Nothing so convinced History of Science Museum director Jim Bennett to go ahead with a steampunk exhibit as Donovan’s 72” x 72”, “75 lb. hanging ‘Shiva Mandala,’” which was based on the museum’s own ancient brass, gear-driven, 13th-century Persian astrolabe, the navigational instrument that predated the sextant and was used to locate celestial bodies at specific times. A stunning aesthetic and technical achievement, and the “most complex” in his steampunk collection, “Shiva Mandala” puts the astrolabe at the dramatic center of a work intended to express man’s “innate desire” to find his place and proper position in the world. The piece also includes four “surrounding planets.” The bottom one, a “craniometer,” is a human skull Donovan got from a medical lab and whose weight affected his calculations for balance and kinetic motion.
Even seeing a reproduction of this piece online makes it clear that steampunk turns artists into historical researchers. In fact, Donovan celebrates intellectual inquiry in pieces such as “The Ferryman Reading and Research Lamp” (“my wife names all my pieces”) that playfully juxtaposes “Victorian” Halogen and LED bulbs, front and rear (for a researcher and associate) and two kinds of magnifying lenses, replete with a control box dimmer. A hand-engraved brass plaque on the book rest contains a quotation from Gandhi: “extolling the virtues of learning and education.” Of course, Donovan can do explicit sci-fi designs as well, such as “The Ravi Palace Pendant;” its sleek jet-black silhouette is powered by a device he modeled after an antique Geiger Counter. Of this work and others, Donovan says, “shape trumps ornament.” But Oh! the ornaments—those antique-looking pieces he makes himself and the mahogany he carves to set against glass and brass, as in the “Siddhartha Pod Lantern,” his first steampunk creation.
Donovan’s studio, a modest house in the Southampton woods, announces itself with a working timepiece piece sculpture, “La Luna,” that’s set in the V of two big trees. Given the subtle coloring, you might miss it, though not at night, Donovan grins, when both clock and luminescent moon globe glow. Though some of the steampunk artists exhibiting at Oxford were clearly showing work on the bizarre side—weird, surreal, kind of post-modern Dada (not to mention featuring themselves in similar costumes)—Donovan’s work references science facts over science fiction, and he has the kind of detailed notebooks one associates with Leonardo.

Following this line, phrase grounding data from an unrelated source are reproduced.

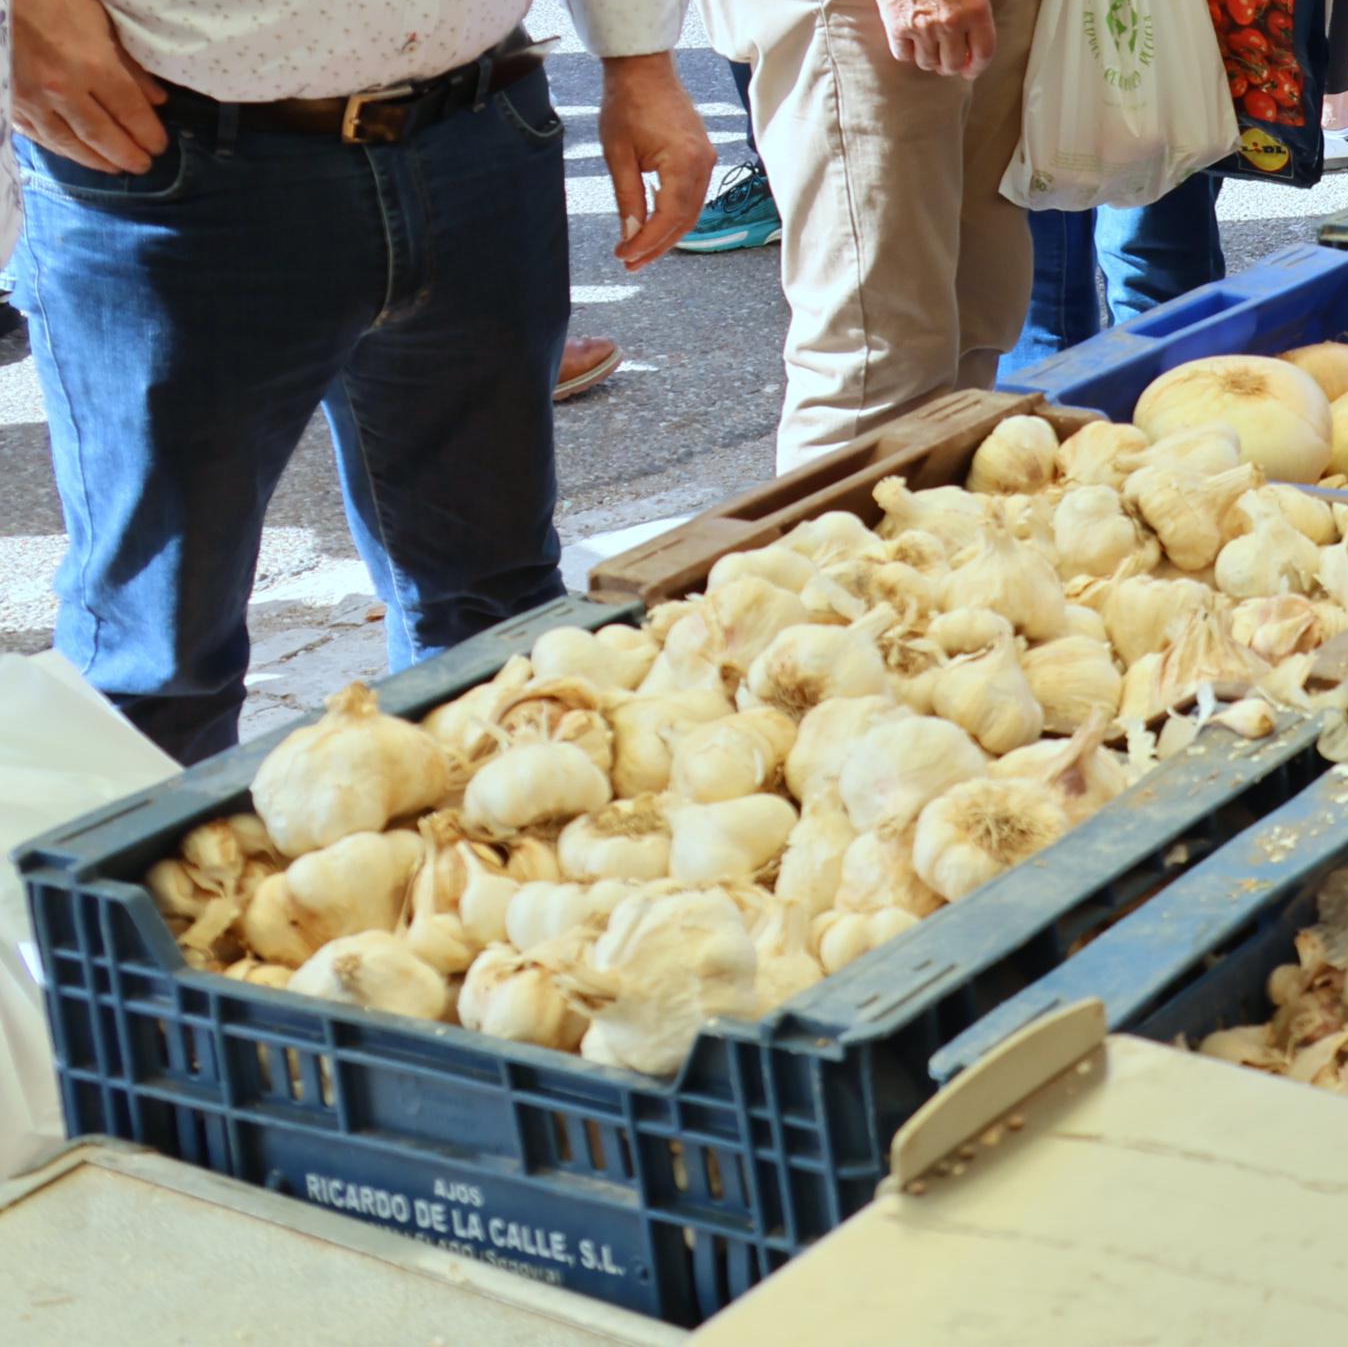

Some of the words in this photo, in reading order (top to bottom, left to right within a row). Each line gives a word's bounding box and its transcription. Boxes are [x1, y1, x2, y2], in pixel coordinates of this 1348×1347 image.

[304, 1173, 411, 1223] RICARDO
[415, 1201, 449, 1233] DE
[452, 1209, 485, 1242] LA
[488, 1219, 577, 1266] CALLE,
[579, 1239, 627, 1276] S.L.
[433, 1179, 484, 1208] AJOS

He starts out sketching, slowly, doing face-on views on paper, but, as with the “Shiva Madala,” he often winds up translating the 2-D sketches into “entirely different” 3-D constructs. An early thought to make “Shiva” asymmetrical, for instance, began “to wear” on him. He enlarged the sketch as it evolved so that its proportions would be those of the finished design. Much like his art, Donovan continues to evolve.